▸ Task instructions: Write out the entries exactly, leaving out every picture.

··· Source information ···

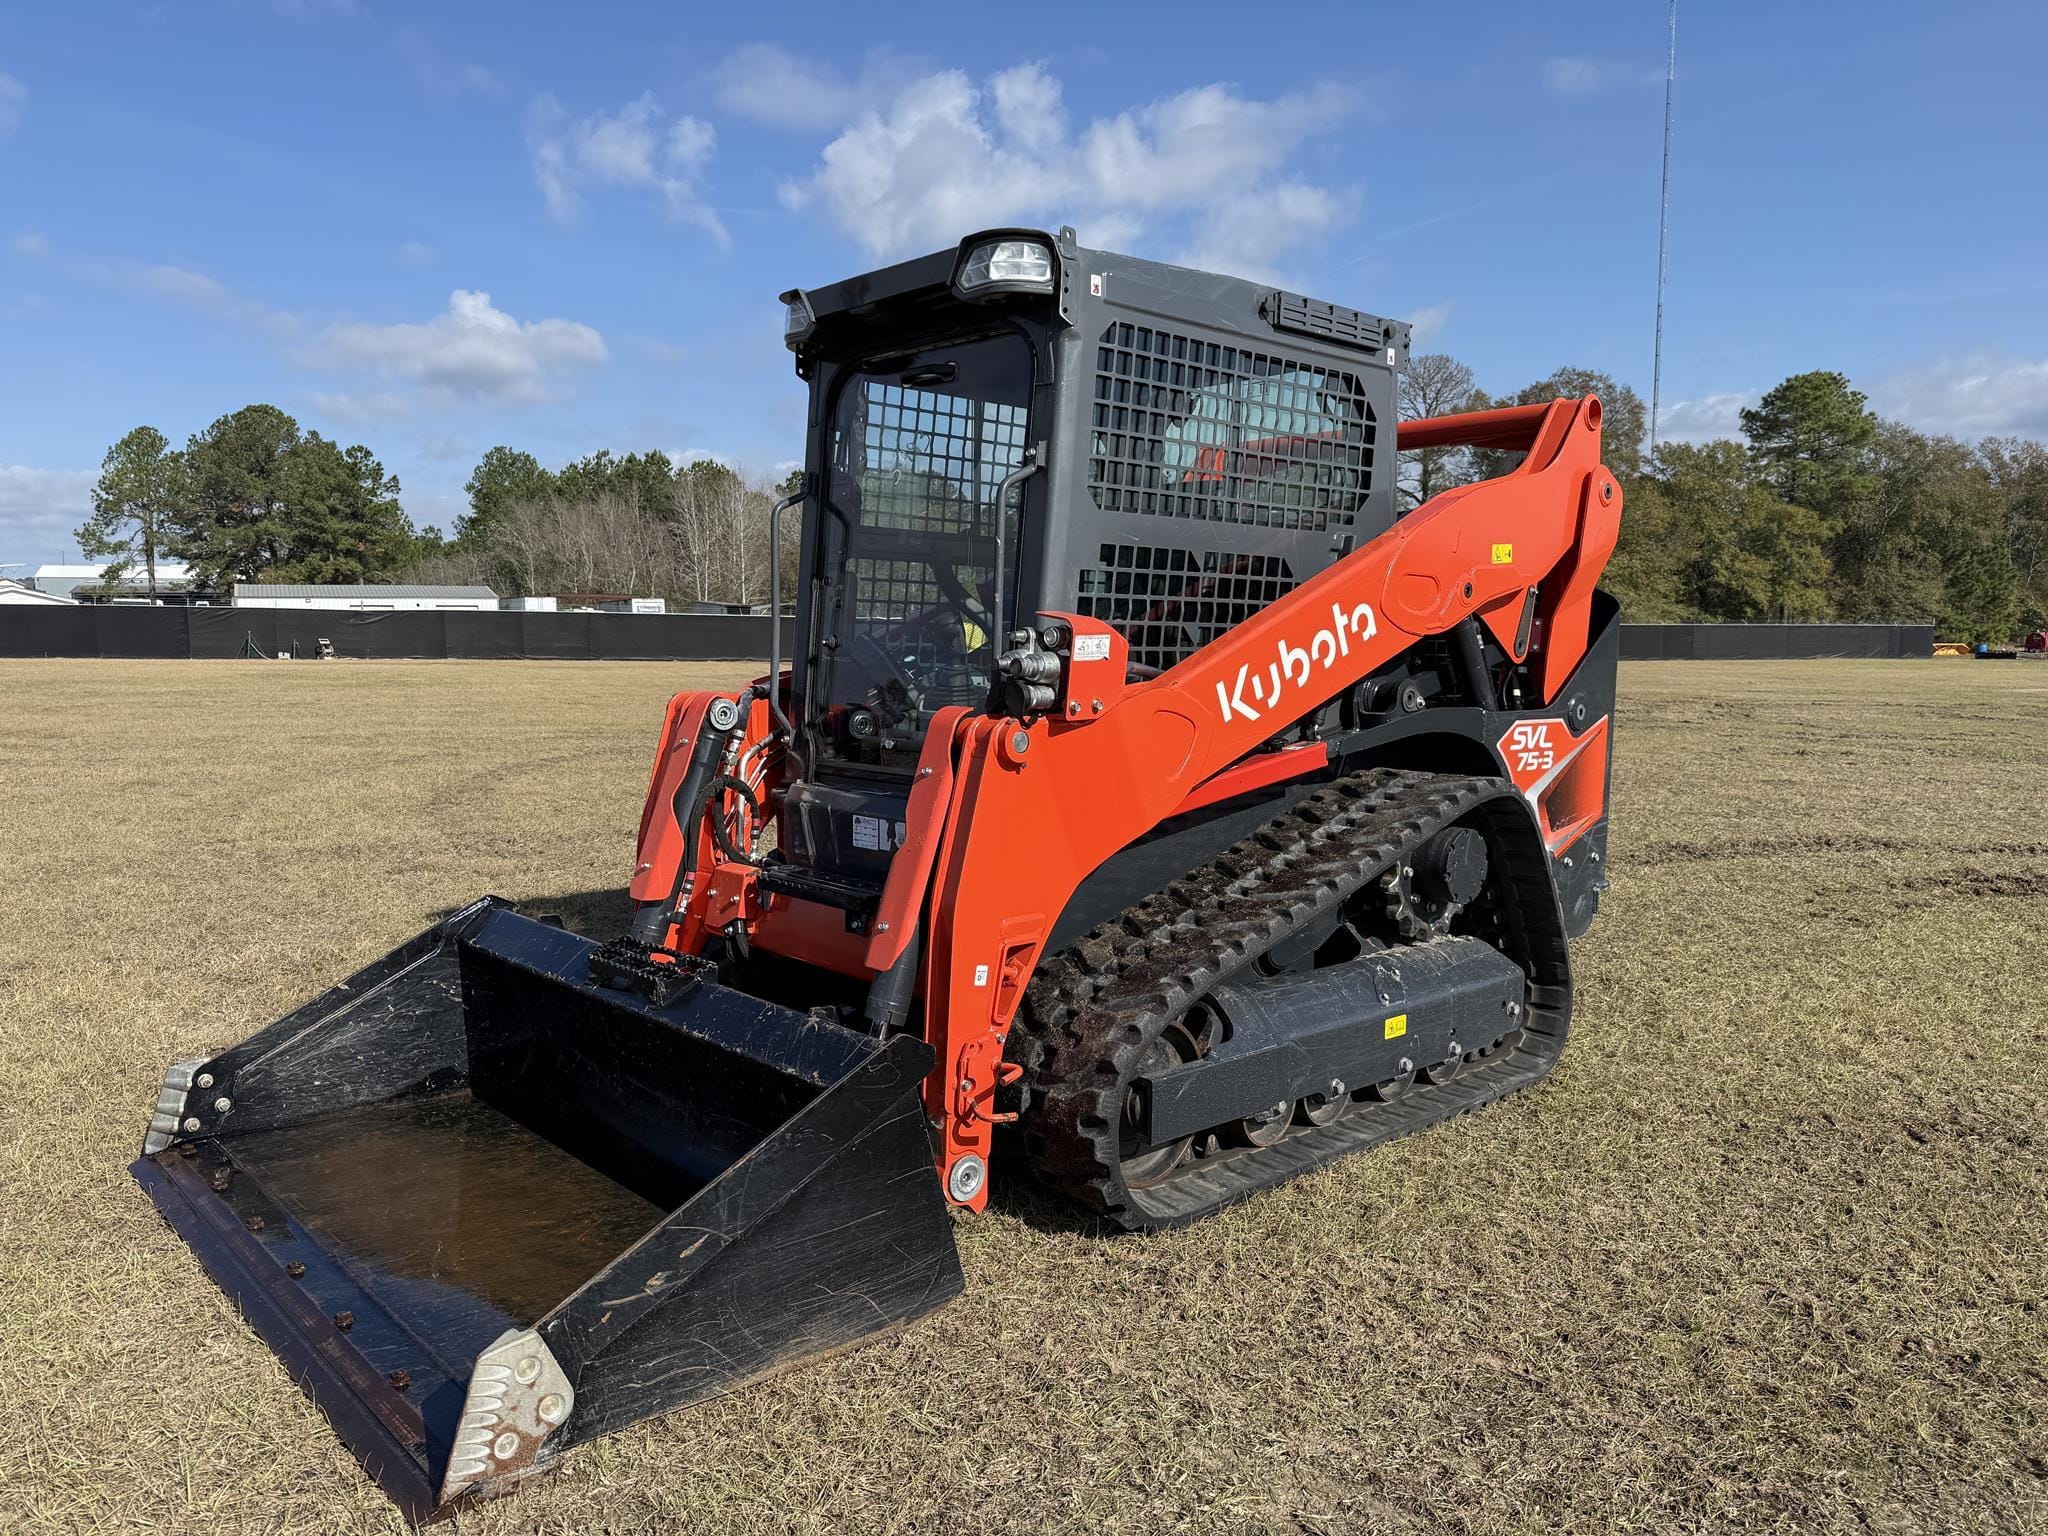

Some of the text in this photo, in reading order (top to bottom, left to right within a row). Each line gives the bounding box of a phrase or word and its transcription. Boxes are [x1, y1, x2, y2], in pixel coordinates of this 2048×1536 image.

[1216, 602, 1377, 723] Kubota
[1510, 725, 1553, 750] SVL
[1516, 750, 1554, 771] 75-3
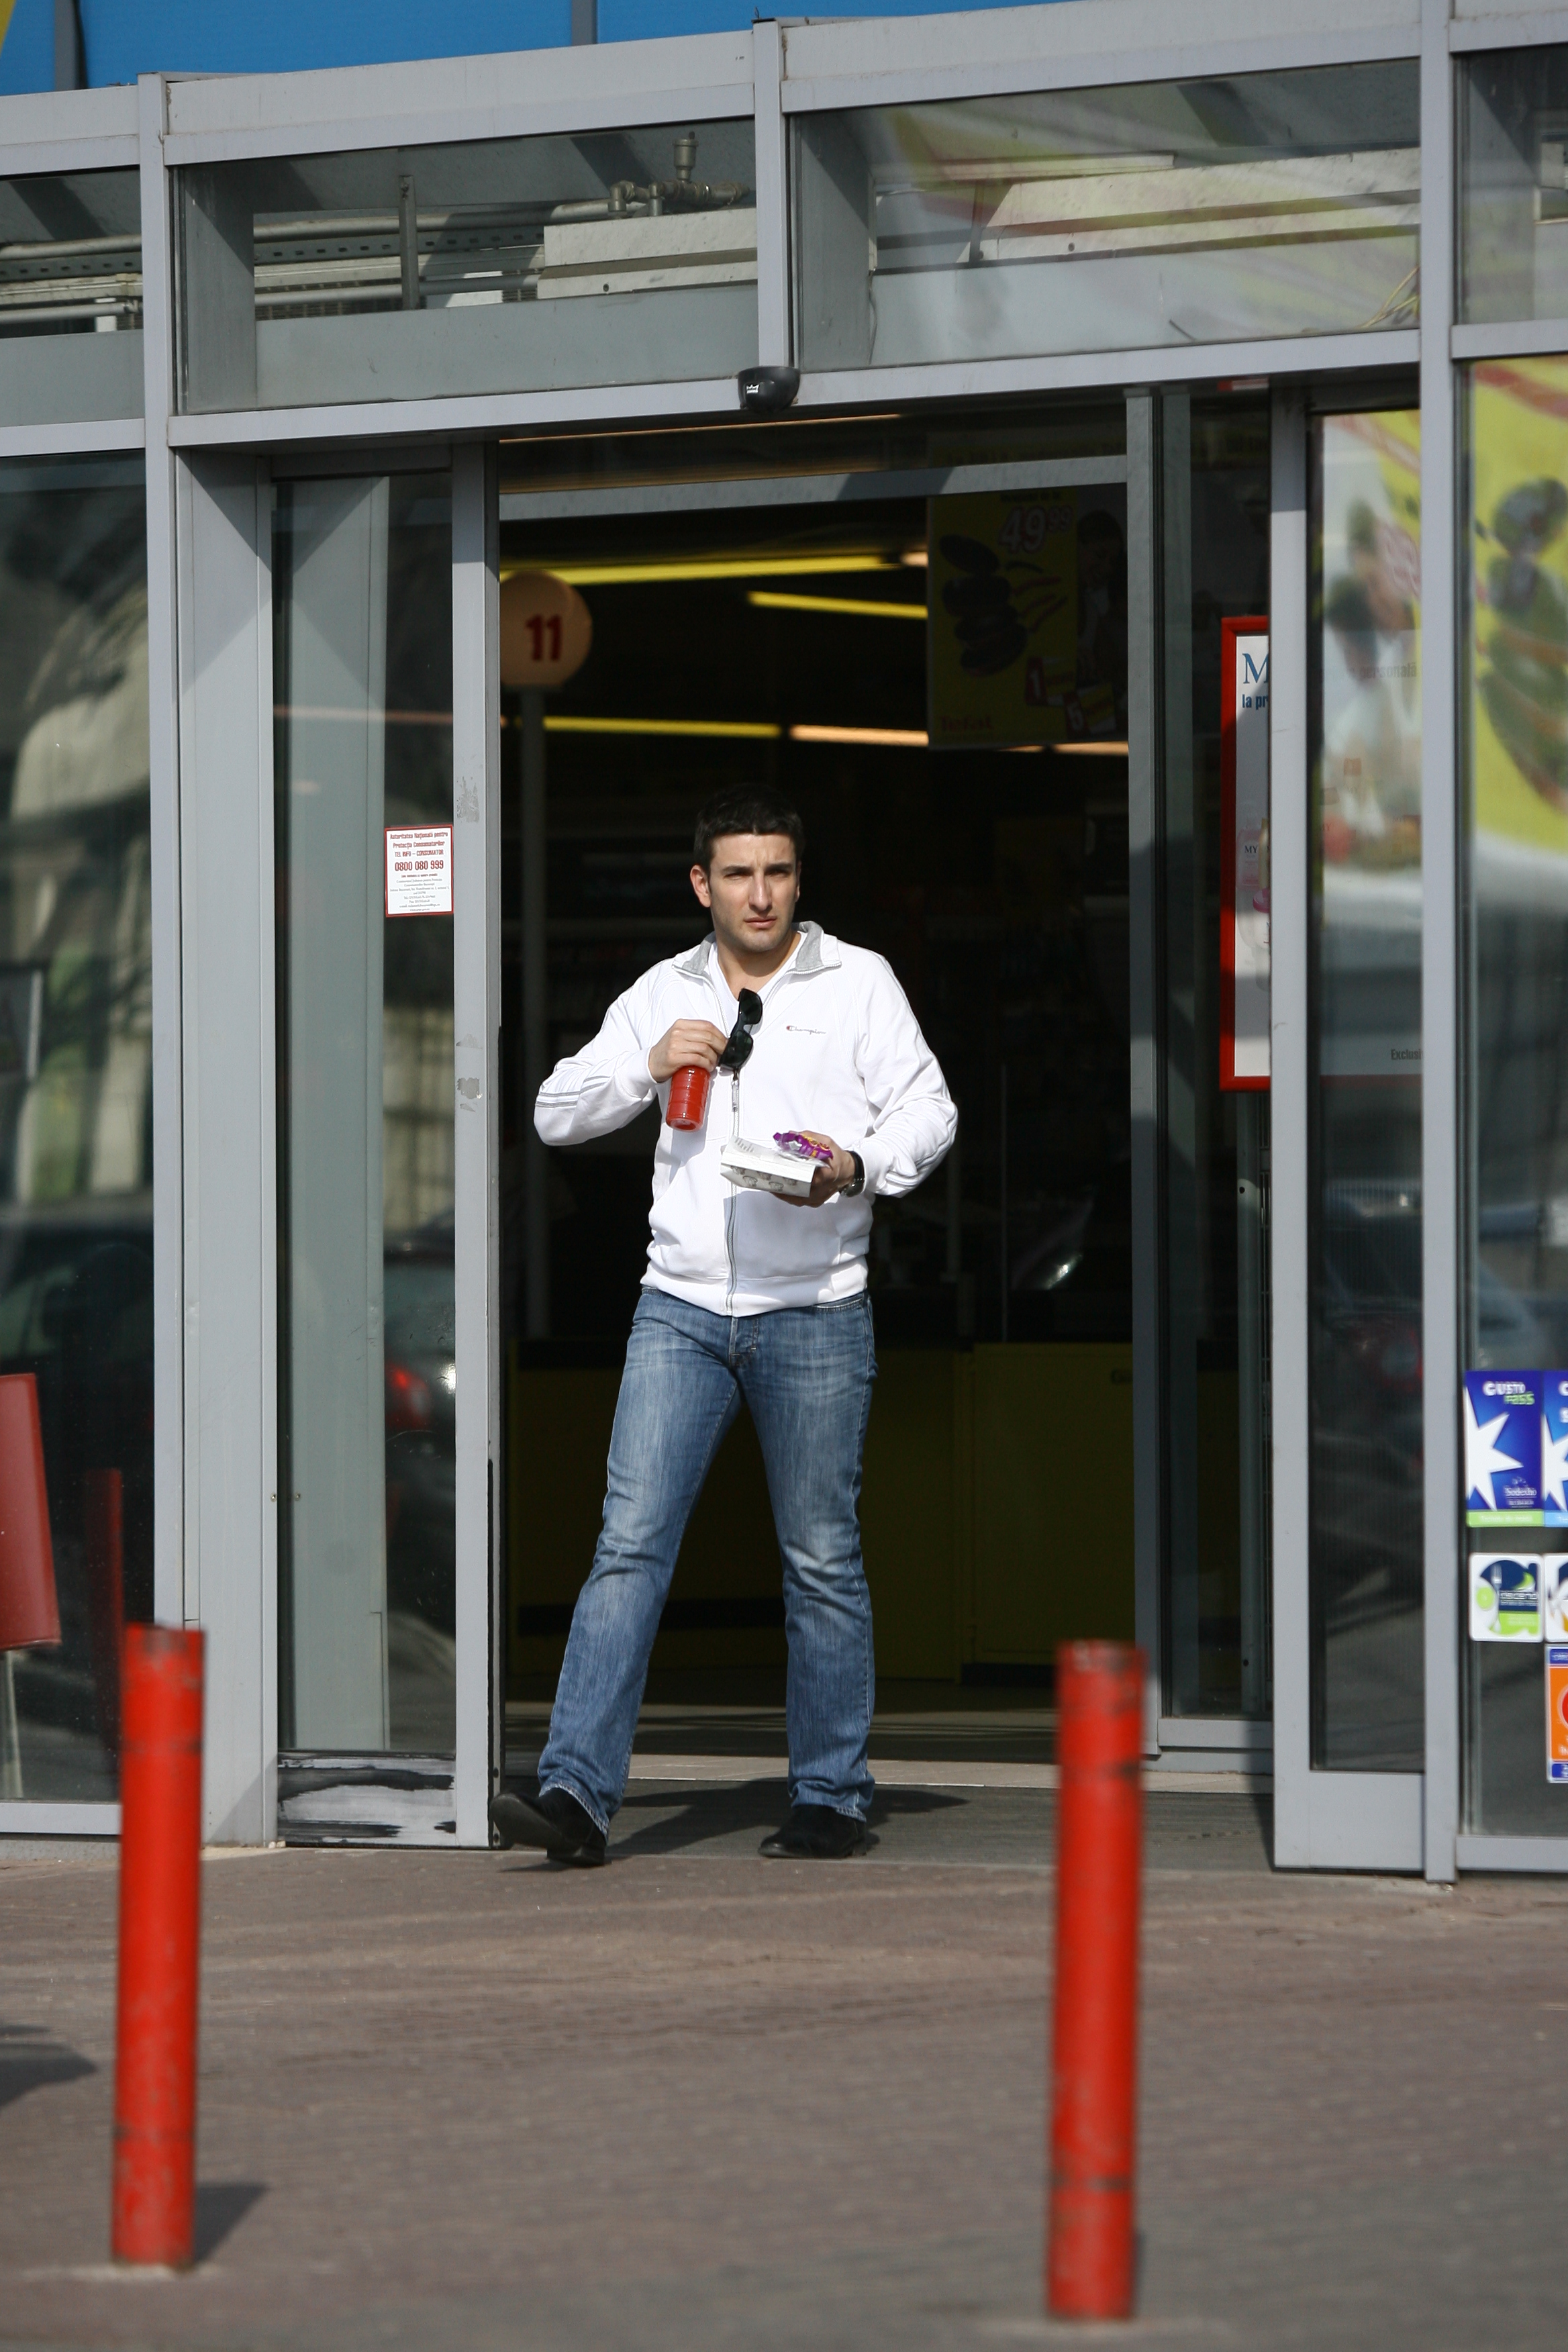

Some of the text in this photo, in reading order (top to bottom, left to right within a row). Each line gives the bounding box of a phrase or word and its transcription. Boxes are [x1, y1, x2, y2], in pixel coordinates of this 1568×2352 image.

[525, 614, 561, 662] 11
[1242, 693, 1252, 708] la
[395, 859, 444, 871] 0800 080 999
[1391, 1048, 1422, 1060] Exclusi
[1483, 1381, 1526, 1396] GUSTO
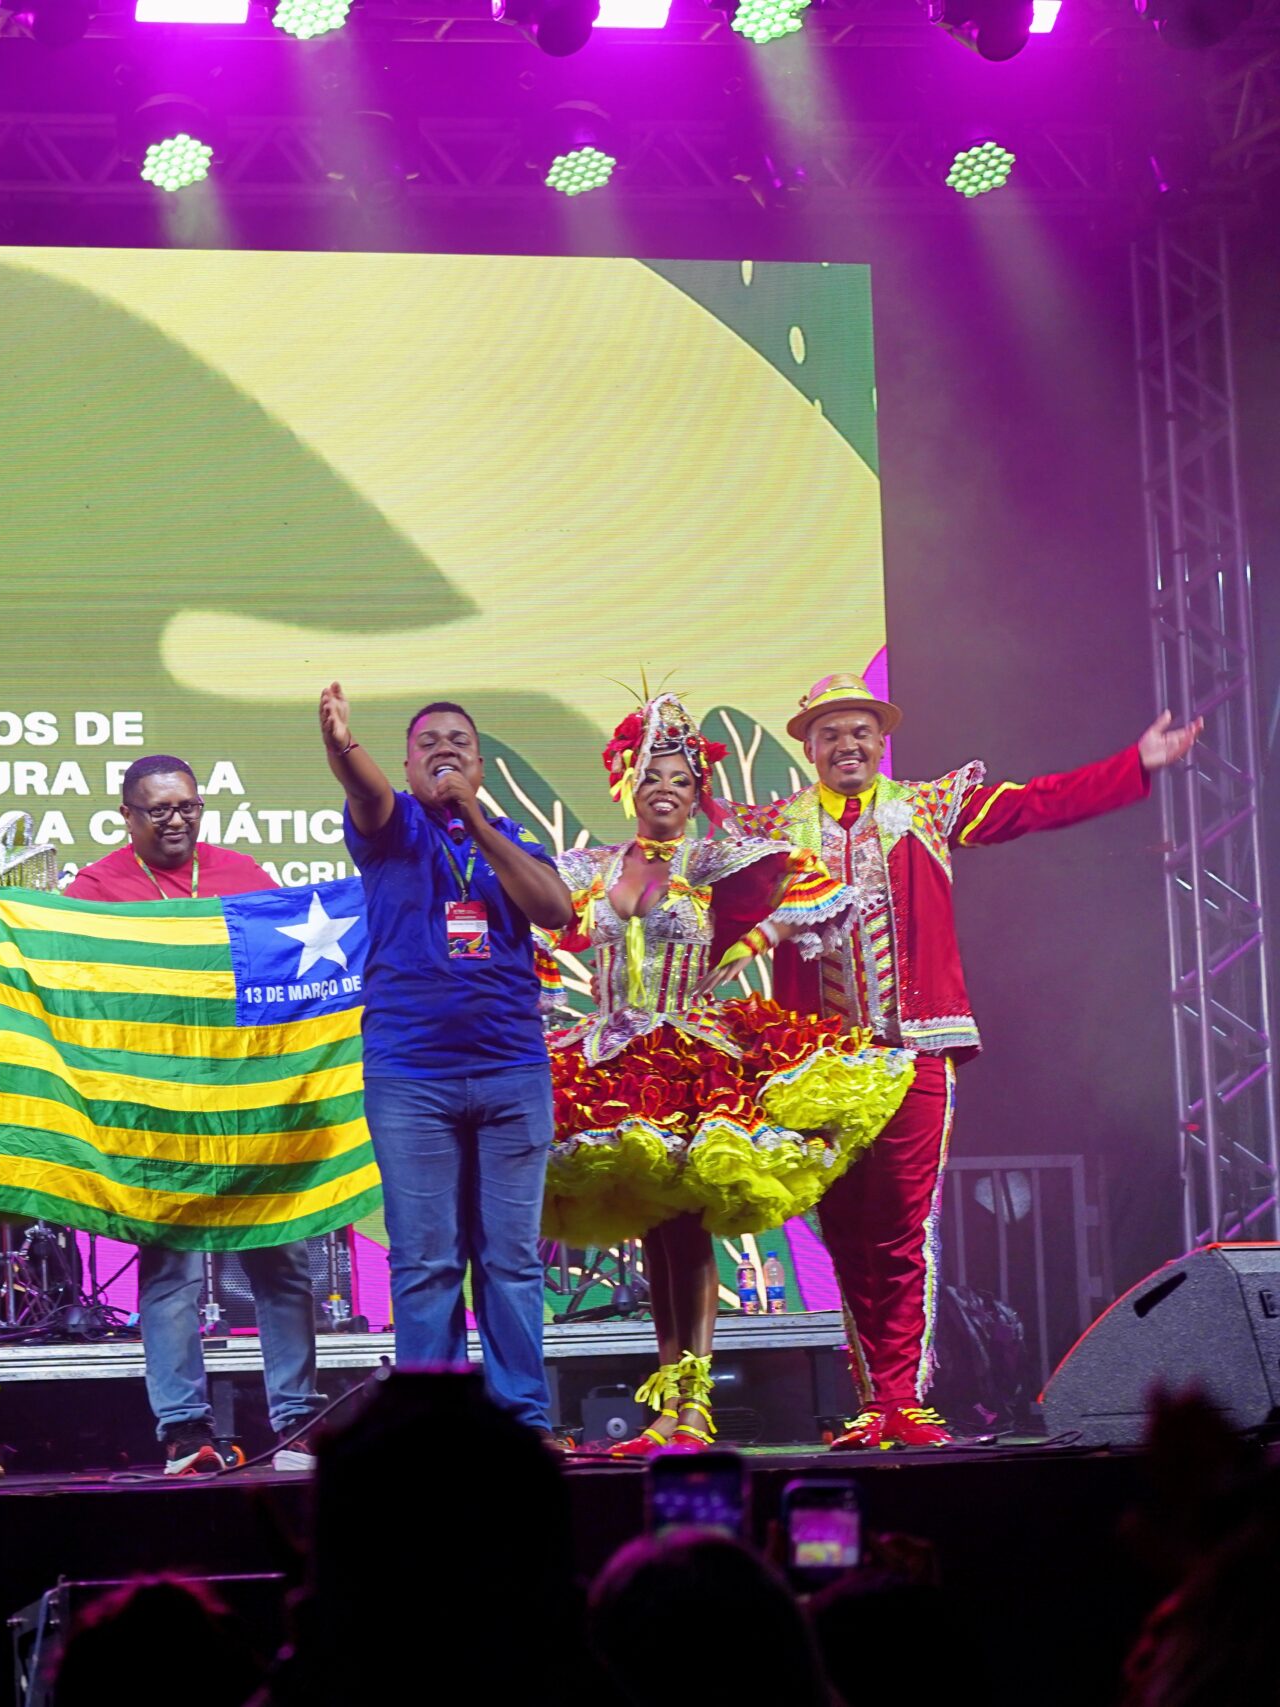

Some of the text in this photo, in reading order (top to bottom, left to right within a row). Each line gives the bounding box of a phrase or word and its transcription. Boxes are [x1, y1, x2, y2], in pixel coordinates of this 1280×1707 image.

[75, 711, 143, 746] DE
[244, 975, 362, 1003] 13 DE MARÇO DE

···

▸ Solution for this problem:
Some of the text in this photo, in reading order (top to bottom, left to right within a row). Each line gives the bounding box of a phrase or word and its transcription. Boxes are [x1, y1, x2, y2], in pixel coordinates of this 2048×1536 image.

[1216, 602, 1377, 723] Kubota
[1510, 725, 1553, 750] SVL
[1516, 750, 1554, 771] 75-3

Some of the text in this photo, in reading order (top to bottom, left to right within a row). Each line gives the bounding box of a phrase or word and its transcription. Boxes are [x1, y1, x2, y2], in pixel coordinates of this 1568×2352 image.

[525, 614, 561, 662] 11
[1242, 693, 1252, 708] la
[395, 859, 444, 871] 0800 080 999
[1391, 1048, 1422, 1060] Exclusi
[1483, 1381, 1526, 1396] GUSTO

Some of the text in this photo, in reading order (top to bottom, left to right within a row). Each line gives the bounding box of a phrase or word and its transcription. Boxes are [x1, y1, x2, y2], in pixel coordinates of this 1280×1707 image.

[75, 711, 143, 746] DE
[244, 975, 362, 1003] 13 DE MARÇO DE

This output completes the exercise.